Die Unterseite des Laufs … ja, die Befestigung da … japp, genau so. Jedes Mal, wenn Sie die Waffe entsichern, startet die Kamera. Alles, worauf Sie schießen, wird in diesem Zylinder festgehalten, Ihrer Gewehr-Black-Box. Nur für den Fall, dass etwas schiefgeht.

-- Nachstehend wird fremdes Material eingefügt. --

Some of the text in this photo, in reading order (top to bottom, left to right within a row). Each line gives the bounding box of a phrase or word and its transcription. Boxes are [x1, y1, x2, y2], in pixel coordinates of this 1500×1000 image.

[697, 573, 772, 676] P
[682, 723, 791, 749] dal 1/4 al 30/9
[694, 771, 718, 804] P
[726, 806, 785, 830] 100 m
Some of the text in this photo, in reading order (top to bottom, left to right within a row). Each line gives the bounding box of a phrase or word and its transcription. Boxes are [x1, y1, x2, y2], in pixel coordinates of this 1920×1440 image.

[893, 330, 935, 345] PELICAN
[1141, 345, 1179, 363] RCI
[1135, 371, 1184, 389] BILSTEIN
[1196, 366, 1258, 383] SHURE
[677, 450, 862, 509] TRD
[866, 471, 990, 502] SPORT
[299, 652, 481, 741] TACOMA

Brody wollte weiter nachhaken, noch mehr auf das Thema eingehen. Als er daran dachte, was Thorp während des Einsatzes in Kairo mit der Waffe getan hatte, fragte er sich, ob die Bilder überprüft worden waren, ehe sie in die Welt gesendet wurden. So konnte sie jeder sehen, vervielfältigen, ins Internet stellen und den Verdacht derer bestätigen, die diesen unpopulären Krieg in Ägypten verabscheuten. Er entschied, nicht zu fragen. Es war spät und die aufgekratzten Erinnerungen machten ihnen den Schlaf ohnehin schon schwer.

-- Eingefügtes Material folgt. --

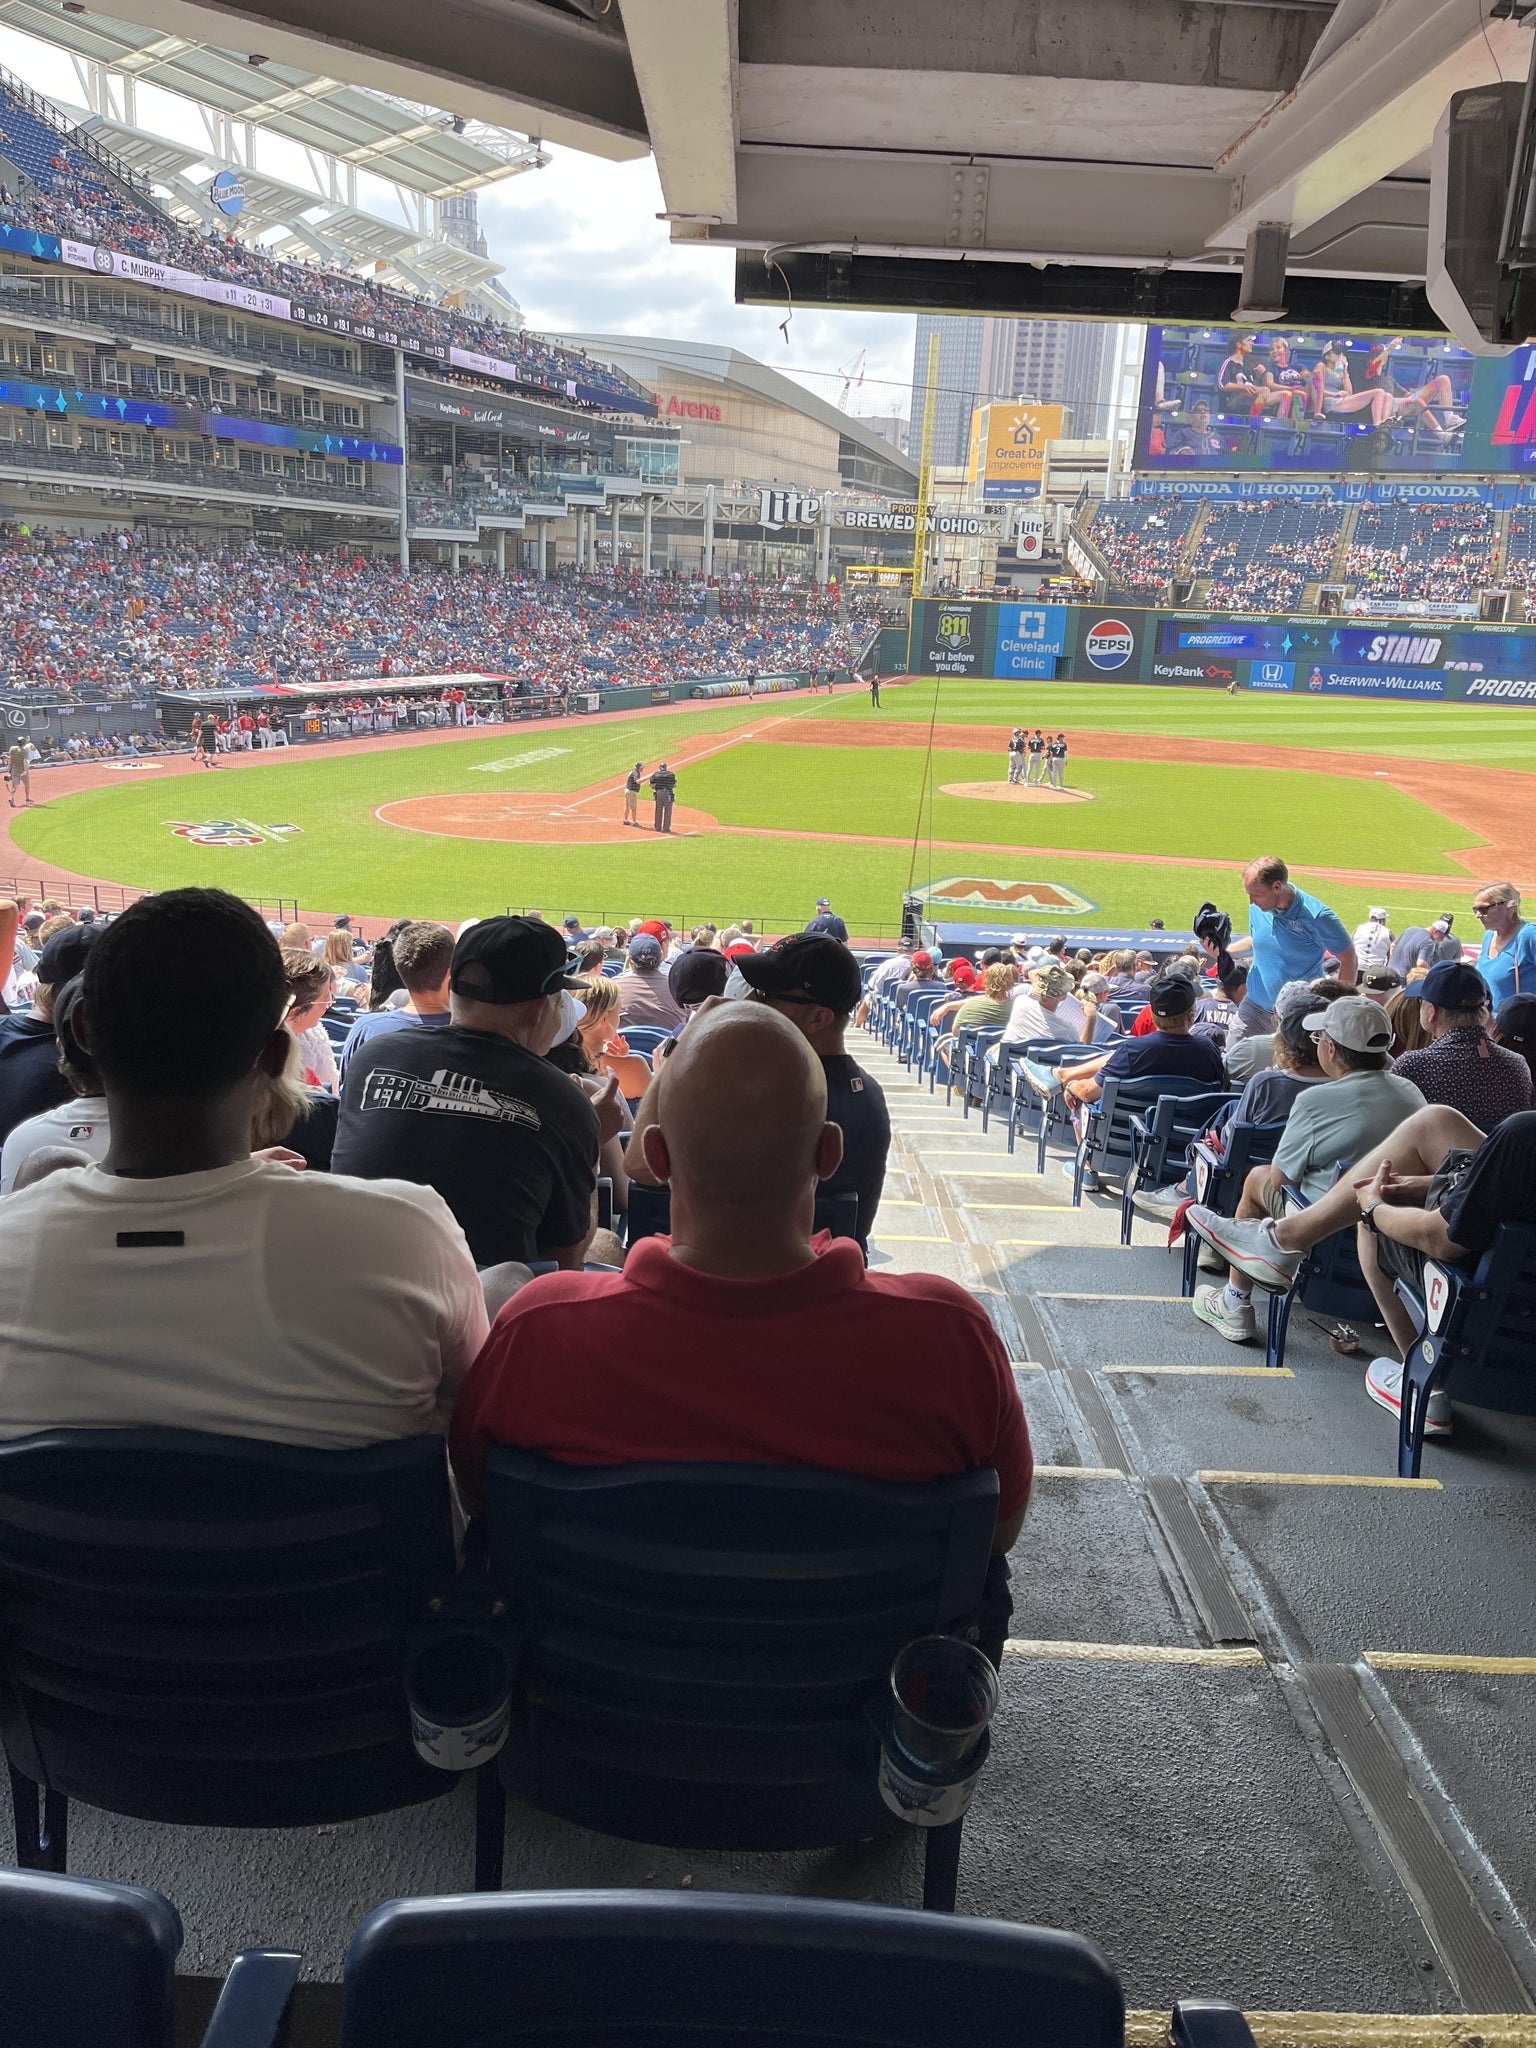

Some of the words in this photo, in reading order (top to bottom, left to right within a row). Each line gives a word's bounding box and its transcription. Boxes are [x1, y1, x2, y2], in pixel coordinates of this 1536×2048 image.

[213, 187, 229, 201] BLUE
[229, 185, 245, 197] MOON
[97, 253, 111, 268] 38
[130, 262, 165, 281] MURPHY
[439, 403, 461, 416] KeyBank
[666, 395, 722, 421] Arena
[538, 425, 556, 436] KeyBank
[995, 447, 1025, 459] Great
[1159, 483, 1232, 495] HONDA
[1256, 484, 1335, 497] HONDA
[1399, 486, 1481, 498] HONDA
[756, 489, 820, 531] Lite
[845, 512, 915, 530] BREWED
[940, 517, 980, 534] OHIO
[1020, 520, 1043, 533] Lite
[1229, 615, 1271, 623] PROGRESSIVE
[1287, 617, 1331, 625] PROGRESSIVE
[1347, 619, 1392, 628] PROGRESSIVE
[940, 615, 967, 637] 811
[1408, 622, 1455, 631] PROGRESSIVE
[1472, 625, 1520, 633] PROGRESSIVE
[1089, 639, 1131, 651] PEPSI
[1187, 635, 1247, 645] PROGRESSIVE
[1001, 640, 1060, 654] Cleveland
[1367, 635, 1442, 664] STAND
[929, 651, 945, 662] Call
[948, 652, 975, 663] before
[1011, 656, 1045, 670] Clinic
[893, 663, 907, 671] 325
[935, 663, 951, 673] you
[951, 662, 967, 674] dig.
[1154, 664, 1204, 678] KeyBank
[1252, 681, 1288, 689] HONDA
[1429, 1278, 1442, 1310] C

Thorp fühlte Scham, weil er beim Anschauen der Gewehrkamera-Aufnahmen erwischt worden war. Alte Gewohnheiten blieben hartnäckig und er war keine Gesellschaft gewohnt. Etwas in ihm verstand wohl nicht mehr, dass sich Geräusche ausbreiteten, oder aber sein Gehör ließ nach. Er dachte nicht, dass Brody sie bis oben hören konnte. Es musste laut gewesen sein, denn er hatte ihn erst nicht bemerkt. Jetzt wirkte Brody im Wohnzimmer wie ein Psychiater, der einfach nur dastand und nichts sagte, damit er immer weiter redete und sein ganzes Herz ausschüttete. Doch Thorp wusste es besser. Er hielt den Mund und wartete, dass Brody zuerst etwas sagte.

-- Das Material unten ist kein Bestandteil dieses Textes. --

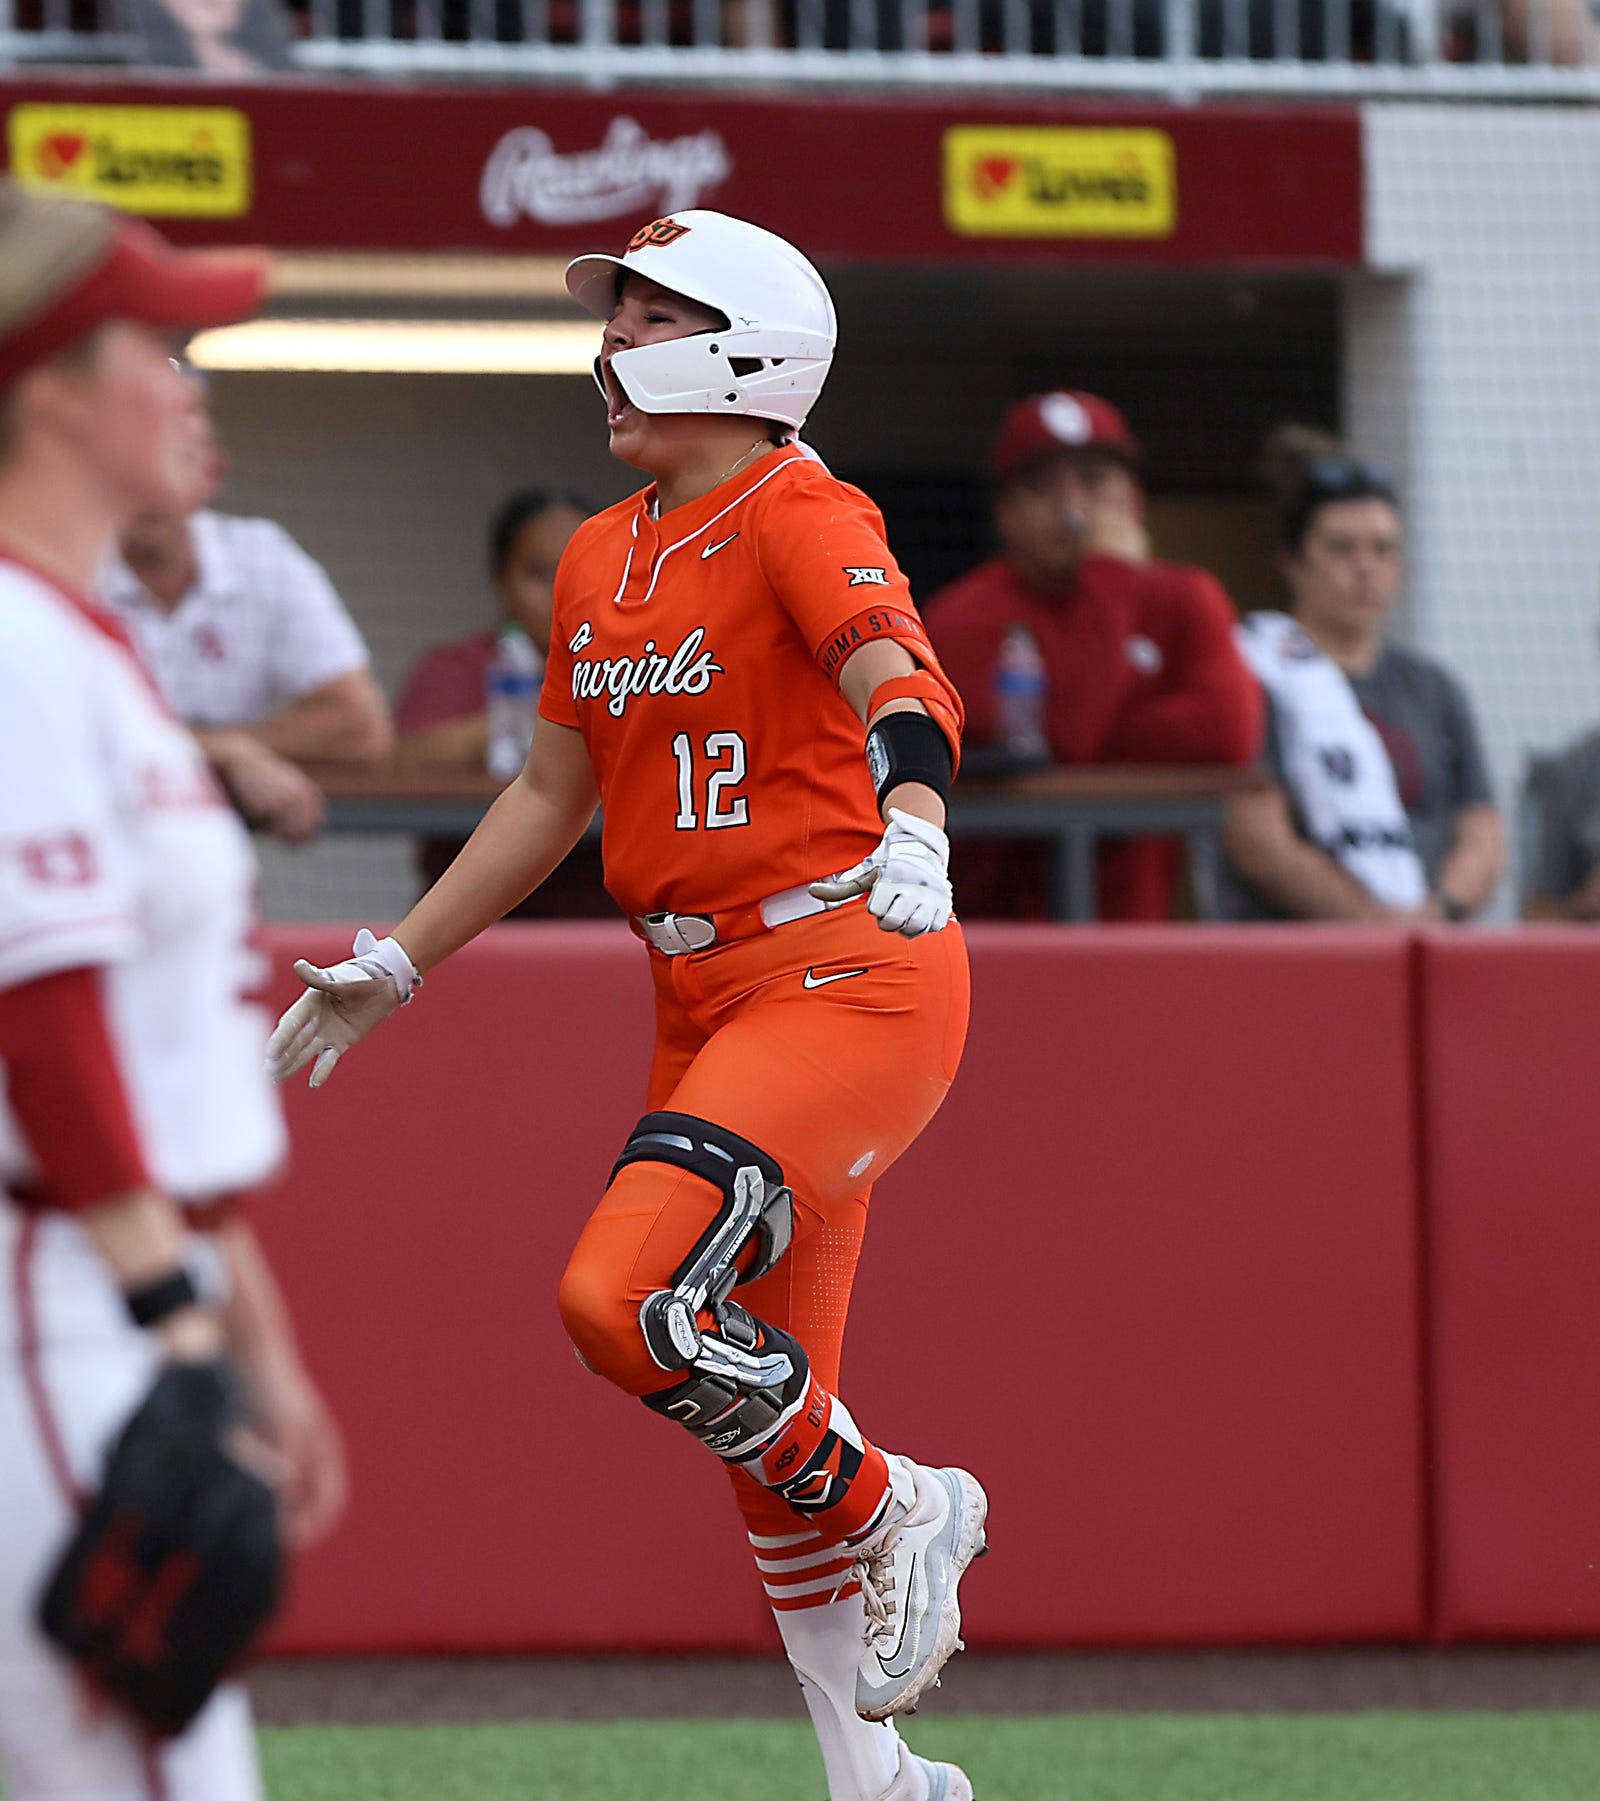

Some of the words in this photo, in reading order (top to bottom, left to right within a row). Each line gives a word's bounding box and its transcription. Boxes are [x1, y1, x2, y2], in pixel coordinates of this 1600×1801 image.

[480, 114, 734, 228] Rawlings
[625, 218, 692, 253] SU
[842, 567, 891, 587] XII
[670, 729, 751, 831] 12
[722, 1220, 754, 1263] TITANIUM

»Ich würde mir keine Sorgen um sie machen.«

»Wie könnte ich nicht?« Thorp sprach in die Dunkelheit, geradeheraus in Richtung Ofen. Brody hatte dieses Ding auf, das Sonar, und wenn er es trug, verdunkelte sich seine Sicht und wurde erst wieder klar, wenn er die Linsen einsetzte. Es fiel Thorp schwer, ihn so zu sehen, seine Lider blinzelnd über nutzlosen Kugeln in einem gespannt horchenden Kopf. Konnte er nicht einfach die Augen schließen? Nach einem flüchtigen Blick schaute Thorp von Brody und den toten Dingern weg.

Etwas klopfte gegen seine Gedanken, wie der Rumpf eines Bootes, der gegen metallenes Treibgut stieß. Wäre er nur ein paar Monate länger geblieben, hätte er womöglich dieses gottverdammte Teil, das Brody blendete, rechtzeitig entdeckt. Vielleicht könnte sein Freund heute ohne Linsen und dieses Sonar-Ding sehen, wenn er es verflucht noch mal einfach durchgezogen hätte.

Brody antwortete nicht.

»Sorry. Ich werde jetzt leise sein. Geh wieder ins Bett.«

Brody blieb. Das Geräusch, wenn er von einem Bein aufs andere stieg und seine nackten Sohlen am lackierten Holz klebten und sich wieder lösten, dauerte noch ein paar stille Momente an. Jetzt mit ihm in diesem Raum zu sein, war gleichermaßen schwer, wie ihn um Hilfe zu bitten. Geradezu quälend.

»Wir kriegen das schon hin«, meinte Brody, aber erst auf halber Strecke nach oben, als wollte er weiteren Debatten entgehen.

Brody konnte ewig diskutieren und war schnell aufgebracht. So sehr Thorp ihn auch hinterhersprinten und ihn zu den Plänen mit seiner Schwester befragen wollte, er ließ es.

Thorp wartete, bis er die Tür des Schlafzimmers und das Quietschen der Bettfedern hörte, bevor er nach dem Zylinder unter dem Kissen griff. Er entrollte das Kabel, steckte es in die Seite seines Ordis und schaute weiter. Wie ein Sporttrainer, der das letzte Spiel auf Fehler analysierte. Er pausierte ab und zu, um sicherzustellen, dass wahrgenommene Geräusche draußen vom Wind kamen. Nie ging er ohne Waffe aus dem Haus.

Die Nacht war wie jede andere, nur dass diesmal ein Gast im oberen Stockwerk zu schlafen versuchte und er leise sein musste.